> **Brief**:
From the line containing "this 1600×1200 image." through the end of the material below, output each line exactly as written, with pictures excluded.

··· Data extracts ···

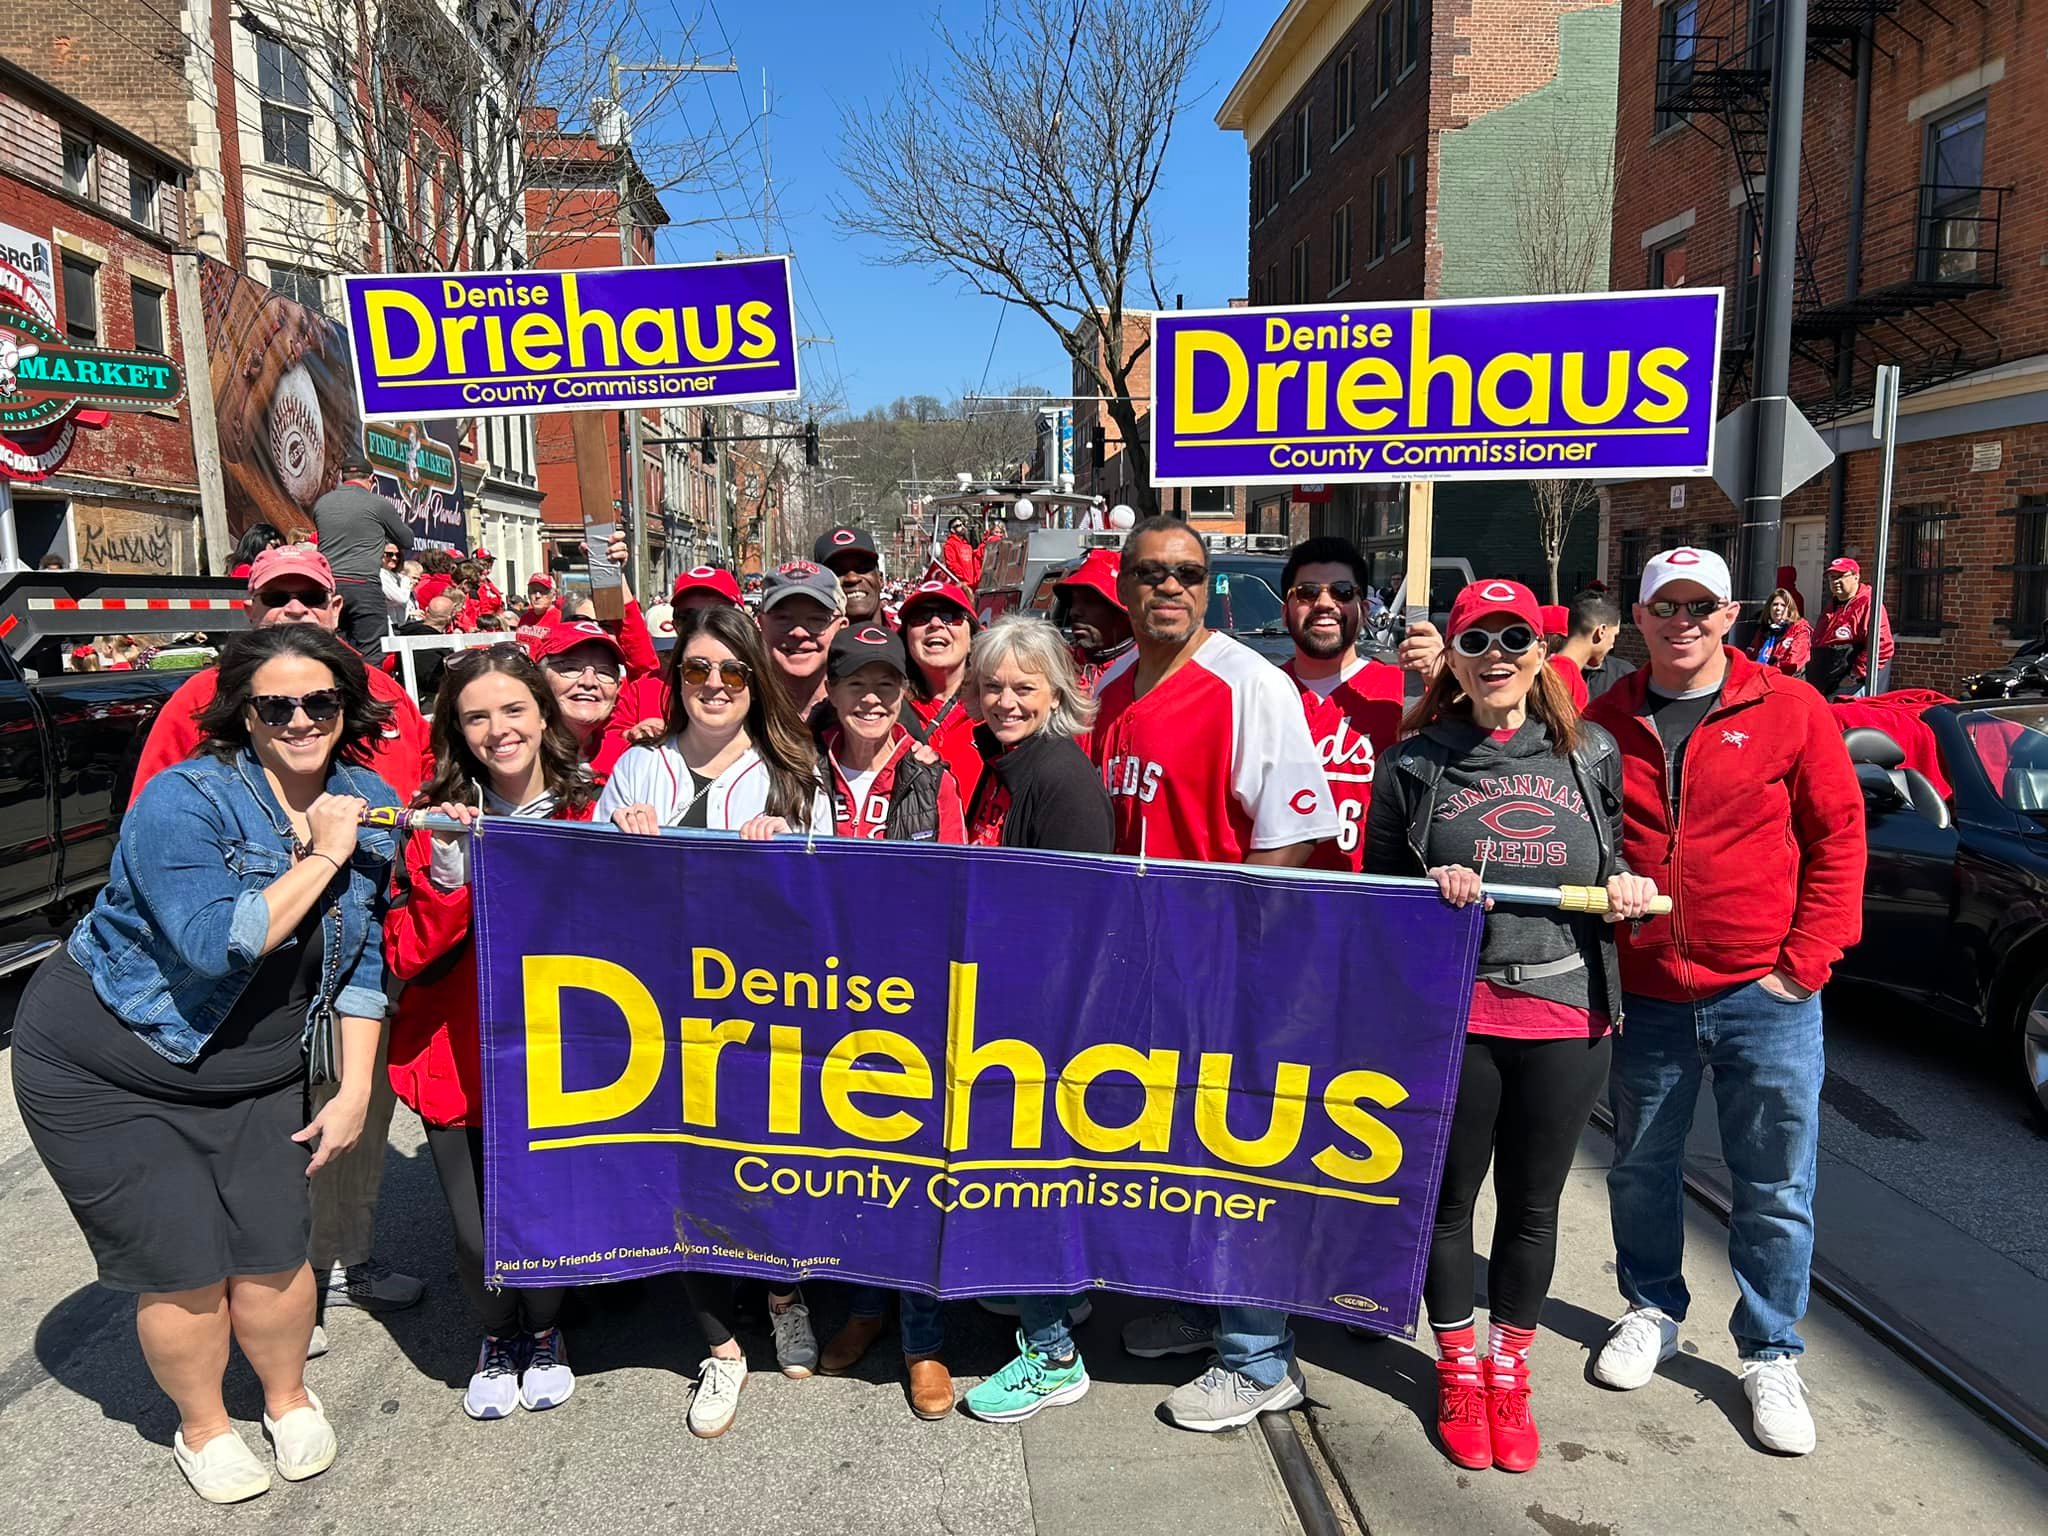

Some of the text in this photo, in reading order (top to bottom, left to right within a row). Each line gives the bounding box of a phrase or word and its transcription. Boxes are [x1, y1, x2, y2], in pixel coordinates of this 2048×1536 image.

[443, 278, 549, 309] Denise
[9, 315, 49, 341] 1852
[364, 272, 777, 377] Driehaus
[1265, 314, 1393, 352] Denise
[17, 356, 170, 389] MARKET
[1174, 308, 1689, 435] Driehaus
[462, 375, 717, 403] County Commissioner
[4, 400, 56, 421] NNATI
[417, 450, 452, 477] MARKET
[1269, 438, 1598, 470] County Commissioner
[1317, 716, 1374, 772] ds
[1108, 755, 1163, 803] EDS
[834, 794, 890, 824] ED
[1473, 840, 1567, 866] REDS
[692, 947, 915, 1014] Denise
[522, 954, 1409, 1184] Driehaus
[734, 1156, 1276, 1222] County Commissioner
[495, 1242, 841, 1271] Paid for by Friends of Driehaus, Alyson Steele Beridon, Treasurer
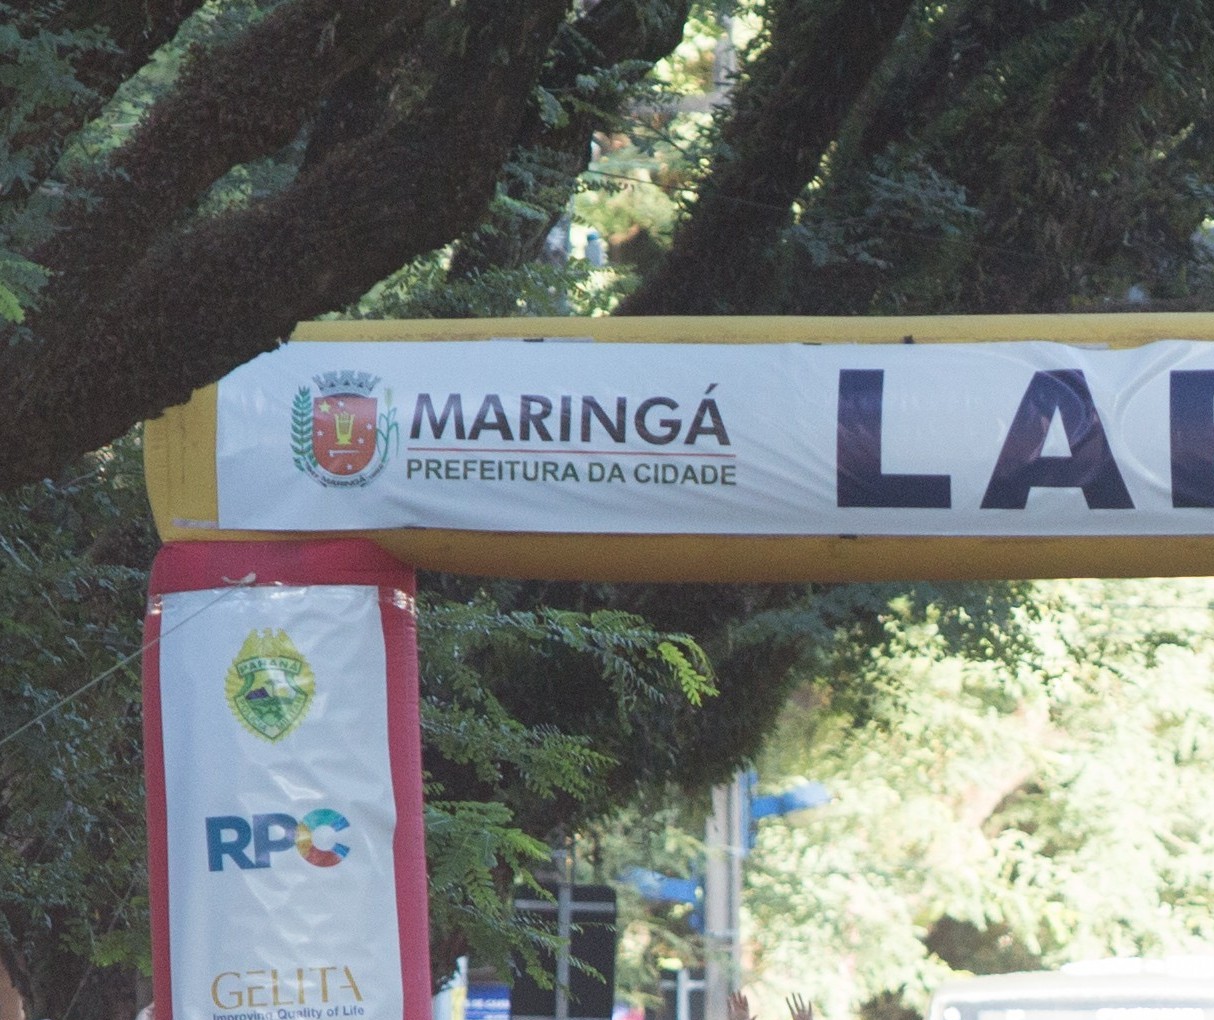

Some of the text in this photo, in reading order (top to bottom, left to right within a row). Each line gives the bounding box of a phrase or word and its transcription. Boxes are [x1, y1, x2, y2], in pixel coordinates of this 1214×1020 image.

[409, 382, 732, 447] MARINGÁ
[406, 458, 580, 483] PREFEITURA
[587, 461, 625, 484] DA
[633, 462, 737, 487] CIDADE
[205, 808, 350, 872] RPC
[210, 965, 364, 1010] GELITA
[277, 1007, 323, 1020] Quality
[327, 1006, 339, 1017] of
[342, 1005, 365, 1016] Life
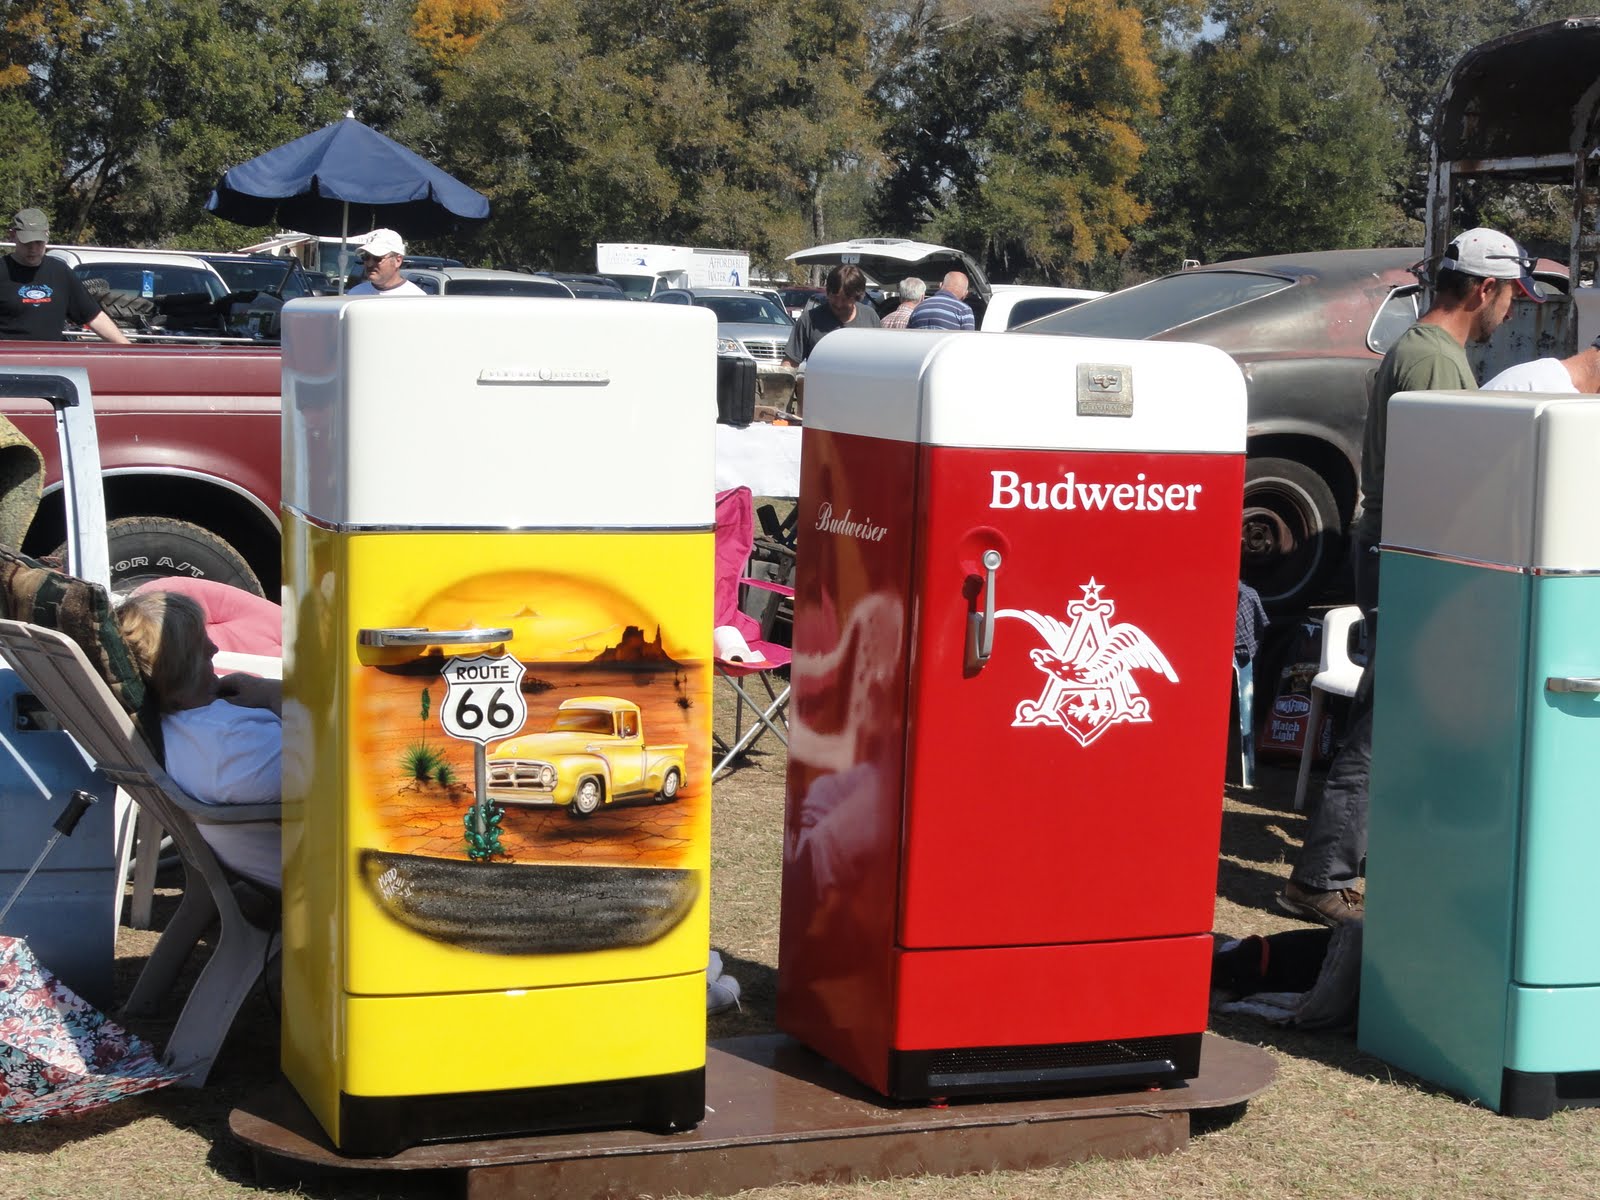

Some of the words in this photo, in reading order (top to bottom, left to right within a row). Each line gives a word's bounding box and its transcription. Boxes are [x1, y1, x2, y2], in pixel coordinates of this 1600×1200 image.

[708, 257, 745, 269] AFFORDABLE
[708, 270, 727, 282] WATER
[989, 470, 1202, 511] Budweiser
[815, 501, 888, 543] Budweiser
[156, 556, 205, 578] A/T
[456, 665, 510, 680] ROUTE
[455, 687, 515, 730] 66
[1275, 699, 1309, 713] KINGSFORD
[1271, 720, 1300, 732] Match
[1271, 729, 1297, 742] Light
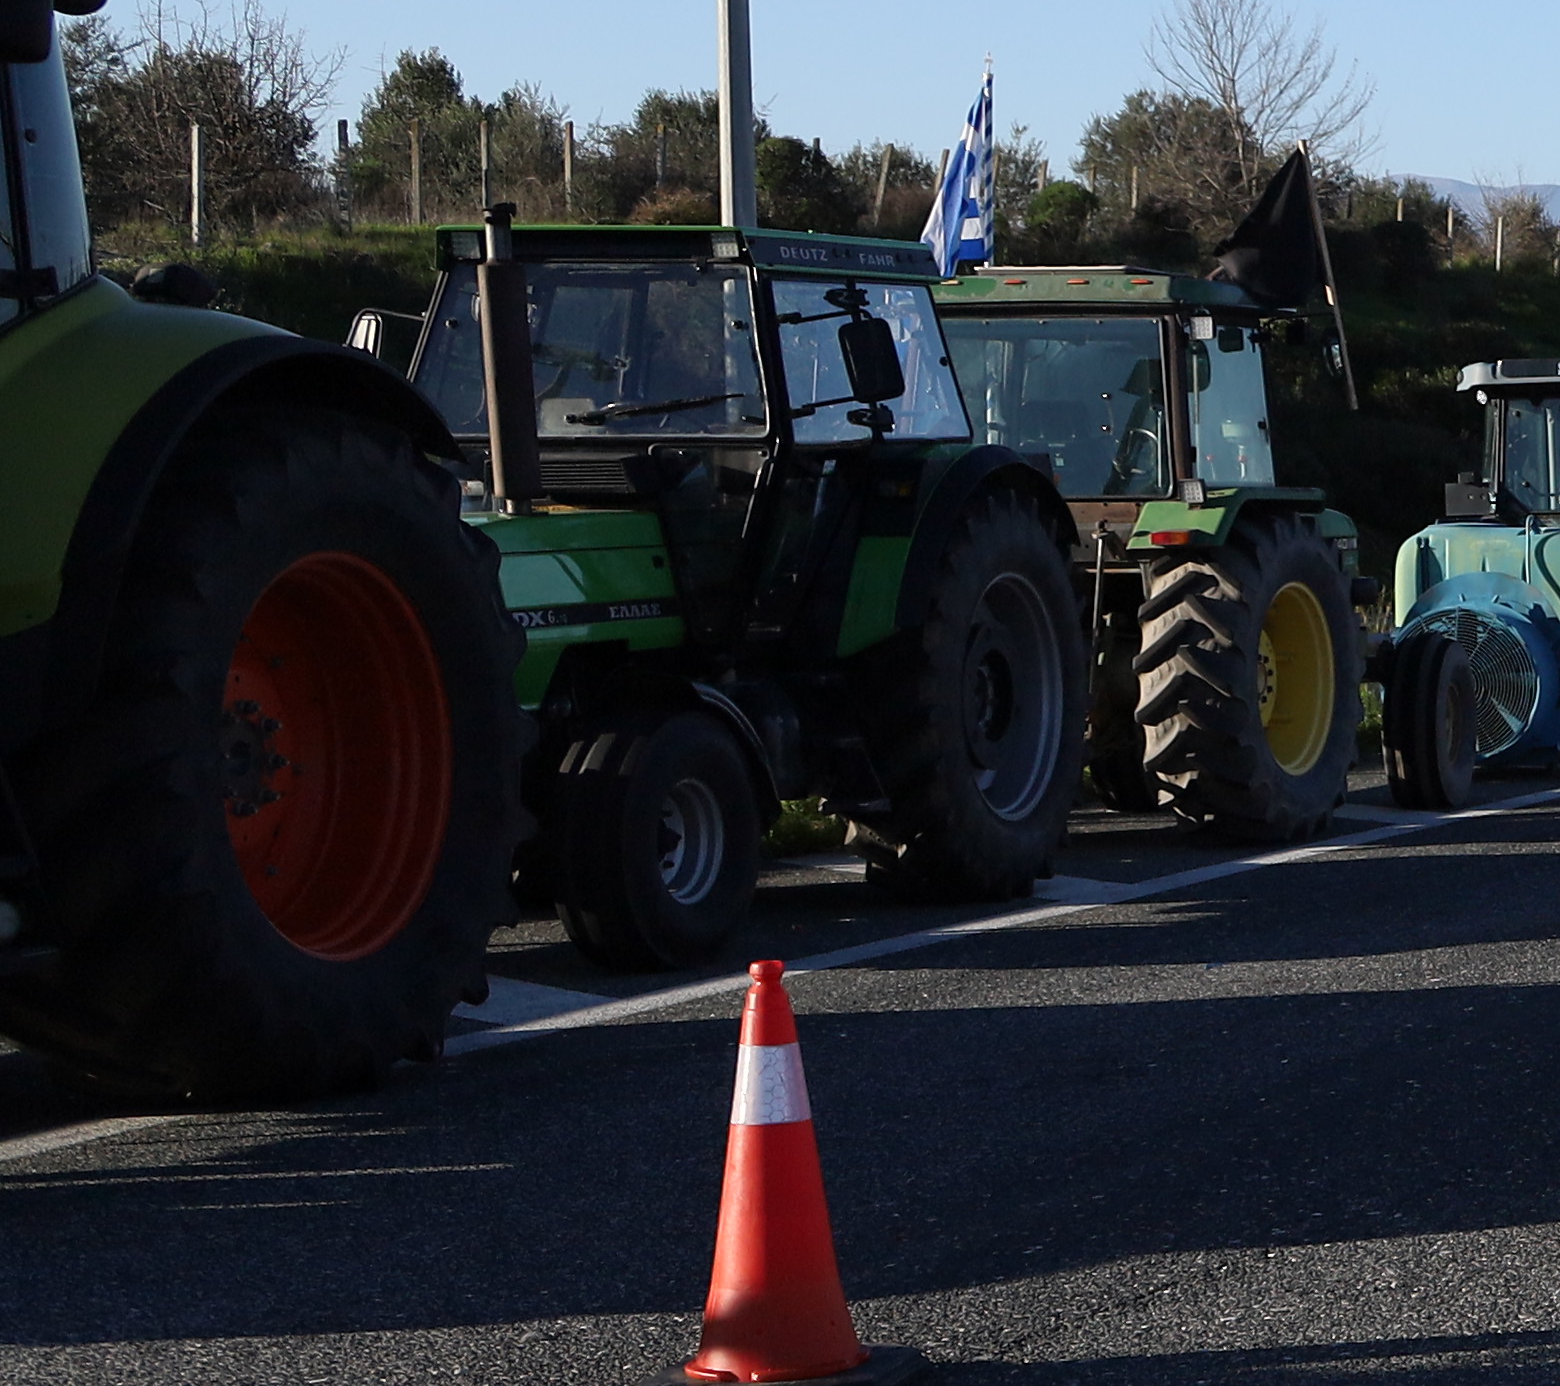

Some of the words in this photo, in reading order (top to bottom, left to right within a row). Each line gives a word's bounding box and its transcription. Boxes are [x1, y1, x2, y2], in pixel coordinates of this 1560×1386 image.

···

> **Exercise response**:
Some of the words in this photo, in reading order (top to bottom, left to right within a row). Each line gives a word's bounding box and its transcription. Boxes are [x1, y1, x2, y2], in pixel coordinates of this 1600×1200 image.

[708, 257, 745, 269] AFFORDABLE
[708, 270, 727, 282] WATER
[989, 470, 1202, 511] Budweiser
[815, 501, 888, 543] Budweiser
[156, 556, 205, 578] A/T
[456, 665, 510, 680] ROUTE
[455, 687, 515, 730] 66
[1275, 699, 1309, 713] KINGSFORD
[1271, 720, 1300, 732] Match
[1271, 729, 1297, 742] Light

Some of the words in this photo, in reading order (top to bottom, left to right within a row). Each line gives a word's bounding box and its transcription. Boxes are [x1, y1, x2, y2], in pixel coordinates of this 1560×1386 image.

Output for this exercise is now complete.